DIRECTIONS FOR THIS TASK -
Return every record exactly. Omit nothing.

◇ ◇ ◇ ◇ ◇

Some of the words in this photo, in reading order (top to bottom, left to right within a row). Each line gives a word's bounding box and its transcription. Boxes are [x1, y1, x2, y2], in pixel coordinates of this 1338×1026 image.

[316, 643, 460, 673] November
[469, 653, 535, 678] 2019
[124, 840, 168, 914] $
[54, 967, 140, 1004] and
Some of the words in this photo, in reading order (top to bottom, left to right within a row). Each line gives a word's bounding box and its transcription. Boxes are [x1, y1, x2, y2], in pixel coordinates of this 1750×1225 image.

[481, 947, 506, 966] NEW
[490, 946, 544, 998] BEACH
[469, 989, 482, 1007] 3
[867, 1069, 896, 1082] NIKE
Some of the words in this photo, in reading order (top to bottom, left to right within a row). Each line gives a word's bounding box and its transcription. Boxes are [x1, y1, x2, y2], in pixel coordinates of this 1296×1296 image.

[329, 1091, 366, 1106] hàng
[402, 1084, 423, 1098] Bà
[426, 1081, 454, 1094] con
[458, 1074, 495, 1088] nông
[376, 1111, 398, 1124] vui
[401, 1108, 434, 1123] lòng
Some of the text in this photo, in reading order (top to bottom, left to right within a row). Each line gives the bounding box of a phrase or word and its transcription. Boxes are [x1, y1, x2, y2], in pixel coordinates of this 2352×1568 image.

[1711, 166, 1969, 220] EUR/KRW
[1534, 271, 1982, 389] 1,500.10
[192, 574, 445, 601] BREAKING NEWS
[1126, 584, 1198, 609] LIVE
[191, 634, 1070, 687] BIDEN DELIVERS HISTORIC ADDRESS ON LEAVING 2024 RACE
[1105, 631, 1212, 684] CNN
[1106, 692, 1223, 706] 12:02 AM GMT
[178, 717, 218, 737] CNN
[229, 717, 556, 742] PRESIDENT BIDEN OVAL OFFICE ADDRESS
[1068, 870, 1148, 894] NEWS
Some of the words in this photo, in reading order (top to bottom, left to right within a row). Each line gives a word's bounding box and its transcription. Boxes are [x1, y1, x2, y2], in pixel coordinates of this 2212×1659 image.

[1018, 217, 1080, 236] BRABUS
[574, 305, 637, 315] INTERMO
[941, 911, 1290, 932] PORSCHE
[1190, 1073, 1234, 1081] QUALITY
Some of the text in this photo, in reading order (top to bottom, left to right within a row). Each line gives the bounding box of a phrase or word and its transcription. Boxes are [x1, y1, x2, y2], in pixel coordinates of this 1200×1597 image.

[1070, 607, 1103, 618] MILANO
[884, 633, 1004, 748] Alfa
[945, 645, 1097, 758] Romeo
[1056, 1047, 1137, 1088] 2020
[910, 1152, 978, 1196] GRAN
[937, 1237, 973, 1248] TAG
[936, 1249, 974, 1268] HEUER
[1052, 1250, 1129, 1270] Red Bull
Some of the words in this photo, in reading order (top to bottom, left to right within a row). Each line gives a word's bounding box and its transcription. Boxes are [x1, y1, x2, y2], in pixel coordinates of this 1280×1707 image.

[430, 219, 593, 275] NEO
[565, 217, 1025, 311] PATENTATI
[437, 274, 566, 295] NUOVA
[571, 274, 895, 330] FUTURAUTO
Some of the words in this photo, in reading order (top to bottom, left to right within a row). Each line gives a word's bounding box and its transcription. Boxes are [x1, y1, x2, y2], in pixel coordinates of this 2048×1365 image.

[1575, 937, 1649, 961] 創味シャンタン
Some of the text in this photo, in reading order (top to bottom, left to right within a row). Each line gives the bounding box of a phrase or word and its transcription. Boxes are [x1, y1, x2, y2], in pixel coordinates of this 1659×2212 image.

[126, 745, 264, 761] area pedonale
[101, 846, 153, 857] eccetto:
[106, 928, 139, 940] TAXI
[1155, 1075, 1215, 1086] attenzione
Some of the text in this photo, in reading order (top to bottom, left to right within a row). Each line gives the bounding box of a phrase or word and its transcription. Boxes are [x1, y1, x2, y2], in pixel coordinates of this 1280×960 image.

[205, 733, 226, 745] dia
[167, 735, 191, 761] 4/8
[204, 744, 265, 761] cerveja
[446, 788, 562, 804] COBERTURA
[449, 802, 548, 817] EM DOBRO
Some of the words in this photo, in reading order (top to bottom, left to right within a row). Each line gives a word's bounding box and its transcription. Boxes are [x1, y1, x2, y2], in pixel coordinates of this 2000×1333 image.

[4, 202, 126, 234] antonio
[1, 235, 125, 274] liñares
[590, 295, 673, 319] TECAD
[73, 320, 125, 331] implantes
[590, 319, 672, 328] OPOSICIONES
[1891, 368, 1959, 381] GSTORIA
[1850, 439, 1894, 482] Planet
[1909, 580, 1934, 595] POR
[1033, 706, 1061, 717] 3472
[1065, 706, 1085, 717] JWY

◇ ◇ ◇ ◇ ◇

ANSWER FOR THE TASK -
Some of the words in this photo, in reading order (top to bottom, left to right within a row). Each line gives a word's bounding box and its transcription. Boxes are [x1, y1, x2, y2], in pixel coordinates of this 1338×1026 image.

[316, 643, 460, 673] November
[469, 653, 535, 678] 2019
[124, 840, 168, 914] $
[54, 967, 140, 1004] and
Some of the words in this photo, in reading order (top to bottom, left to right within a row). Each line gives a word's bounding box and its transcription. Boxes are [x1, y1, x2, y2], in pixel coordinates of this 1750×1225 image.

[481, 947, 506, 966] NEW
[490, 946, 544, 998] BEACH
[469, 989, 482, 1007] 3
[867, 1069, 896, 1082] NIKE
Some of the words in this photo, in reading order (top to bottom, left to right within a row). Each line gives a word's bounding box and its transcription. Boxes are [x1, y1, x2, y2], in pixel coordinates of this 1296×1296 image.

[329, 1091, 366, 1106] hàng
[402, 1084, 423, 1098] Bà
[426, 1081, 454, 1094] con
[458, 1074, 495, 1088] nông
[376, 1111, 398, 1124] vui
[401, 1108, 434, 1123] lòng
Some of the text in this photo, in reading order (top to bottom, left to right within a row). Each line gives the bounding box of a phrase or word and its transcription. Boxes are [x1, y1, x2, y2], in pixel coordinates of this 2352×1568 image.

[1711, 166, 1969, 220] EUR/KRW
[1534, 271, 1982, 389] 1,500.10
[192, 574, 445, 601] BREAKING NEWS
[1126, 584, 1198, 609] LIVE
[191, 634, 1070, 687] BIDEN DELIVERS HISTORIC ADDRESS ON LEAVING 2024 RACE
[1105, 631, 1212, 684] CNN
[1106, 692, 1223, 706] 12:02 AM GMT
[178, 717, 218, 737] CNN
[229, 717, 556, 742] PRESIDENT BIDEN OVAL OFFICE ADDRESS
[1068, 870, 1148, 894] NEWS
Some of the words in this photo, in reading order (top to bottom, left to right within a row). Each line gives a word's bounding box and its transcription. Boxes are [x1, y1, x2, y2], in pixel coordinates of this 2212×1659 image.

[1018, 217, 1080, 236] BRABUS
[574, 305, 637, 315] INTERMO
[941, 911, 1290, 932] PORSCHE
[1190, 1073, 1234, 1081] QUALITY
Some of the text in this photo, in reading order (top to bottom, left to right within a row). Each line gives the bounding box of a phrase or word and its transcription. Boxes are [x1, y1, x2, y2], in pixel coordinates of this 1200×1597 image.

[1070, 607, 1103, 618] MILANO
[884, 633, 1004, 748] Alfa
[945, 645, 1097, 758] Romeo
[1056, 1047, 1137, 1088] 2020
[910, 1152, 978, 1196] GRAN
[937, 1237, 973, 1248] TAG
[936, 1249, 974, 1268] HEUER
[1052, 1250, 1129, 1270] Red Bull
Some of the words in this photo, in reading order (top to bottom, left to right within a row). Each line gives a word's bounding box and its transcription. Boxes are [x1, y1, x2, y2], in pixel coordinates of this 1280×1707 image.

[430, 219, 593, 275] NEO
[565, 217, 1025, 311] PATENTATI
[437, 274, 566, 295] NUOVA
[571, 274, 895, 330] FUTURAUTO
Some of the words in this photo, in reading order (top to bottom, left to right within a row). Each line gives a word's bounding box and its transcription. Boxes are [x1, y1, x2, y2], in pixel coordinates of this 2048×1365 image.

[1575, 937, 1649, 961] 創味シャンタン
Some of the text in this photo, in reading order (top to bottom, left to right within a row). Each line gives the bounding box of a phrase or word and its transcription. Boxes are [x1, y1, x2, y2], in pixel coordinates of this 1659×2212 image.

[126, 745, 264, 761] area pedonale
[101, 846, 153, 857] eccetto:
[106, 928, 139, 940] TAXI
[1155, 1075, 1215, 1086] attenzione
Some of the text in this photo, in reading order (top to bottom, left to right within a row). Each line gives the bounding box of a phrase or word and its transcription. Boxes are [x1, y1, x2, y2], in pixel coordinates of this 1280×960 image.

[205, 733, 226, 745] dia
[167, 735, 191, 761] 4/8
[204, 744, 265, 761] cerveja
[446, 788, 562, 804] COBERTURA
[449, 802, 548, 817] EM DOBRO
Some of the words in this photo, in reading order (top to bottom, left to right within a row). Each line gives a word's bounding box and its transcription. Boxes are [x1, y1, x2, y2], in pixel coordinates of this 2000×1333 image.

[4, 202, 126, 234] antonio
[1, 235, 125, 274] liñares
[590, 295, 673, 319] TECAD
[73, 320, 125, 331] implantes
[590, 319, 672, 328] OPOSICIONES
[1891, 368, 1959, 381] GSTORIA
[1850, 439, 1894, 482] Planet
[1909, 580, 1934, 595] POR
[1033, 706, 1061, 717] 3472
[1065, 706, 1085, 717] JWY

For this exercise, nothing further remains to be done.